• **Data records**:
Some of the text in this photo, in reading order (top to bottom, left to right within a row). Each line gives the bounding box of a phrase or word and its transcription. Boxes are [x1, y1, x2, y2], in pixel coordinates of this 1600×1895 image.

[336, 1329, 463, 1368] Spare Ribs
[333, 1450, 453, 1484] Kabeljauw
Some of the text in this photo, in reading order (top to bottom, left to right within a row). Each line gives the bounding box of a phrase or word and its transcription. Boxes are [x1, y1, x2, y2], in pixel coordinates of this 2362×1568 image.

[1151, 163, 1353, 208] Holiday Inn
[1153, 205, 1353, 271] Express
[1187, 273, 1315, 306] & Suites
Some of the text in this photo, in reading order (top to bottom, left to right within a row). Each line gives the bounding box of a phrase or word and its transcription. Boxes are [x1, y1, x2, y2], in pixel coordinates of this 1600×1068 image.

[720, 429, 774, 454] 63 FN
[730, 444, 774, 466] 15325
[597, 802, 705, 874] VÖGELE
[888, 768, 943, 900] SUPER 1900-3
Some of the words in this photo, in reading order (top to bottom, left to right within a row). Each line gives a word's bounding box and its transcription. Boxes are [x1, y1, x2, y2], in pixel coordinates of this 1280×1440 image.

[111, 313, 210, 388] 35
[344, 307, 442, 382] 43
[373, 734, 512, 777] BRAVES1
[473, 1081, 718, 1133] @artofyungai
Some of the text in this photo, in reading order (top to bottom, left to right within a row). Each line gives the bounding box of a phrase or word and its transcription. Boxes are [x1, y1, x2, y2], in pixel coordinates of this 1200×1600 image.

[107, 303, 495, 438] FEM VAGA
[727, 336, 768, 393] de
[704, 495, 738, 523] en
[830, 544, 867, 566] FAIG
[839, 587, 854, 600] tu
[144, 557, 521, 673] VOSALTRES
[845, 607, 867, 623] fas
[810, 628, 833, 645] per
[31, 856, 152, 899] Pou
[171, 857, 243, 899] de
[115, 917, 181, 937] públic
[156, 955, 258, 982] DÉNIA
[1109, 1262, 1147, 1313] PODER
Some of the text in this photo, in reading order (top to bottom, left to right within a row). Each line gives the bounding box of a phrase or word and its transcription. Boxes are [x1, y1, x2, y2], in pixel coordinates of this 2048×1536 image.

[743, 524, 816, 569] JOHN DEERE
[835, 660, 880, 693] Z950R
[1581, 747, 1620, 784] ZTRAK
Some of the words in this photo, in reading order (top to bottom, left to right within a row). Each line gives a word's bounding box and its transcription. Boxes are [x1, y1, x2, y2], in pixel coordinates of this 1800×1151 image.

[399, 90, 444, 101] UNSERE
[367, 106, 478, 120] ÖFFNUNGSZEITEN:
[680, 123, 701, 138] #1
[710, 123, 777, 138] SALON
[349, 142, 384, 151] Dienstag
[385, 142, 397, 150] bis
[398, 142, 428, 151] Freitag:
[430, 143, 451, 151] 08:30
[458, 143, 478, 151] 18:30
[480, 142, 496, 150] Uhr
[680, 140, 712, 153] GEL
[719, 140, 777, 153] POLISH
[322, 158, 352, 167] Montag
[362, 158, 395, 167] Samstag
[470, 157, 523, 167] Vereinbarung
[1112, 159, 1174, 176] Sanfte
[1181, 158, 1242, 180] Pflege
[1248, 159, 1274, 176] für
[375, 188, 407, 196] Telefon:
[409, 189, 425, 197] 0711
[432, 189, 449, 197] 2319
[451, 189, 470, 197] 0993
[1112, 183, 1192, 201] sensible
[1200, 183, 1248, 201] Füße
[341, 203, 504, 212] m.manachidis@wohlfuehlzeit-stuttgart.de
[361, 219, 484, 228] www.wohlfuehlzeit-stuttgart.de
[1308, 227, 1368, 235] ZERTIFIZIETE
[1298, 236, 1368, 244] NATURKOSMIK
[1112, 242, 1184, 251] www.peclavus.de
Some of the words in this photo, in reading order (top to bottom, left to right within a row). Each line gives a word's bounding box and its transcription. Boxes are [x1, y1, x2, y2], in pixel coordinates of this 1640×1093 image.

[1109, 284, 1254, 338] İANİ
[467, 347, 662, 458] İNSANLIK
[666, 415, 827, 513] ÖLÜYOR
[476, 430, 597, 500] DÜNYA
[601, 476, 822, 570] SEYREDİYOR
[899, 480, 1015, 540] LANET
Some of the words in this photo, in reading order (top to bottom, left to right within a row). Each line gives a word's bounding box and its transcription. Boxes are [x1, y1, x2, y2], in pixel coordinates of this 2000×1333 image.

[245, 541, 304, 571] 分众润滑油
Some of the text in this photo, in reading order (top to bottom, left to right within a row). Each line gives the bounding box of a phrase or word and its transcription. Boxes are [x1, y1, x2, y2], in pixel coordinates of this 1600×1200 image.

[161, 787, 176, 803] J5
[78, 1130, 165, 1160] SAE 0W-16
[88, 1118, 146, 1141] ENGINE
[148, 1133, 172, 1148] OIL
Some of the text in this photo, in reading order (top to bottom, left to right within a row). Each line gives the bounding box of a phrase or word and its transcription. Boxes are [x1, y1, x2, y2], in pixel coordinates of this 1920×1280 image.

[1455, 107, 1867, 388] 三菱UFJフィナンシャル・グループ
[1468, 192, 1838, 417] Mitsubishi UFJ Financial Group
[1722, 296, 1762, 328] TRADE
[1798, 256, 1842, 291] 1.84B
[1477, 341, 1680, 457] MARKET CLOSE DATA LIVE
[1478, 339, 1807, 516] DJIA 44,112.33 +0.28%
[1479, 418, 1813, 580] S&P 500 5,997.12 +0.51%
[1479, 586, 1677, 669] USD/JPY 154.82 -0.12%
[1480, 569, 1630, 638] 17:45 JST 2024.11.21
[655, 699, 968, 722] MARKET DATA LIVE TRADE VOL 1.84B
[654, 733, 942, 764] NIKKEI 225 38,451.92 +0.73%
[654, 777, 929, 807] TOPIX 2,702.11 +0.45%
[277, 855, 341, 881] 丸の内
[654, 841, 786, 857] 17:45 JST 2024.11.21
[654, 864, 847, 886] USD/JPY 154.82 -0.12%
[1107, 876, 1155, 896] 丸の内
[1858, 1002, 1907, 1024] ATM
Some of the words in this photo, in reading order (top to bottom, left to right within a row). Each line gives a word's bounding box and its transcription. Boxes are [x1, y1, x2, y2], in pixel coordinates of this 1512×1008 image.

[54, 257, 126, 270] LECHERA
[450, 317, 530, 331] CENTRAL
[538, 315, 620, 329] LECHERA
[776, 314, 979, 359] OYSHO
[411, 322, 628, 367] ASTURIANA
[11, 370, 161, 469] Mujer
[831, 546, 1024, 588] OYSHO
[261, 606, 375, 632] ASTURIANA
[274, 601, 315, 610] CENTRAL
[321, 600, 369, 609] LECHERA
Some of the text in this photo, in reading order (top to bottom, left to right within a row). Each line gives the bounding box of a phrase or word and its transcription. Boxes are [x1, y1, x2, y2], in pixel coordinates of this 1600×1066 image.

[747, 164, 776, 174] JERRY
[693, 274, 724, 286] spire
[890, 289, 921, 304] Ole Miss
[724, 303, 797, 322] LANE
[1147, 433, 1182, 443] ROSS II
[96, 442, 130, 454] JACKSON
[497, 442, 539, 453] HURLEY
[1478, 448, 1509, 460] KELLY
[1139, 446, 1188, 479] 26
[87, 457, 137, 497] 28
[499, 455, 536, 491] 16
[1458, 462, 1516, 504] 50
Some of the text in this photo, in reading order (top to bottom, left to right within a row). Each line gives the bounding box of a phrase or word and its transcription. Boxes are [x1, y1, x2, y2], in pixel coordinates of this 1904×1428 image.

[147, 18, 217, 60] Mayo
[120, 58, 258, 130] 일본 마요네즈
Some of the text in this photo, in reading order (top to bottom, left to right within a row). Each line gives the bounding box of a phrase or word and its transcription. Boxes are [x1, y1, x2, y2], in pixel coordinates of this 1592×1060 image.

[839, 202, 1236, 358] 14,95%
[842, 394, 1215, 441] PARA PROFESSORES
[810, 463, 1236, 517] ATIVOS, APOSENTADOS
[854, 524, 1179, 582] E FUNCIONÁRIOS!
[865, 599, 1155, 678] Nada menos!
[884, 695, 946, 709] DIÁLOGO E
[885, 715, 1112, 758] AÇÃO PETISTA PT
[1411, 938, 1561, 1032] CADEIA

• **Activity**: Lines from the one holding "this 1600×1066 image." to the end of the listing above are the only ones to transcribe. Keep each exactly as written.

• **Solution to this problem**:
Some of the text in this photo, in reading order (top to bottom, left to right within a row). Each line gives the bounding box of a phrase or word and its transcription. Boxes are [x1, y1, x2, y2], in pixel coordinates of this 1600×1066 image.

[747, 164, 776, 174] JERRY
[693, 274, 724, 286] spire
[890, 289, 921, 304] Ole Miss
[724, 303, 797, 322] LANE
[1147, 433, 1182, 443] ROSS II
[96, 442, 130, 454] JACKSON
[497, 442, 539, 453] HURLEY
[1478, 448, 1509, 460] KELLY
[1139, 446, 1188, 479] 26
[87, 457, 137, 497] 28
[499, 455, 536, 491] 16
[1458, 462, 1516, 504] 50
Some of the text in this photo, in reading order (top to bottom, left to right within a row). Each line gives the bounding box of a phrase or word and its transcription. Boxes are [x1, y1, x2, y2], in pixel coordinates of this 1904×1428 image.

[147, 18, 217, 60] Mayo
[120, 58, 258, 130] 일본 마요네즈
Some of the text in this photo, in reading order (top to bottom, left to right within a row). Each line gives the bounding box of a phrase or word and its transcription. Boxes are [x1, y1, x2, y2], in pixel coordinates of this 1592×1060 image.

[839, 202, 1236, 358] 14,95%
[842, 394, 1215, 441] PARA PROFESSORES
[810, 463, 1236, 517] ATIVOS, APOSENTADOS
[854, 524, 1179, 582] E FUNCIONÁRIOS!
[865, 599, 1155, 678] Nada menos!
[884, 695, 946, 709] DIÁLOGO E
[885, 715, 1112, 758] AÇÃO PETISTA PT
[1411, 938, 1561, 1032] CADEIA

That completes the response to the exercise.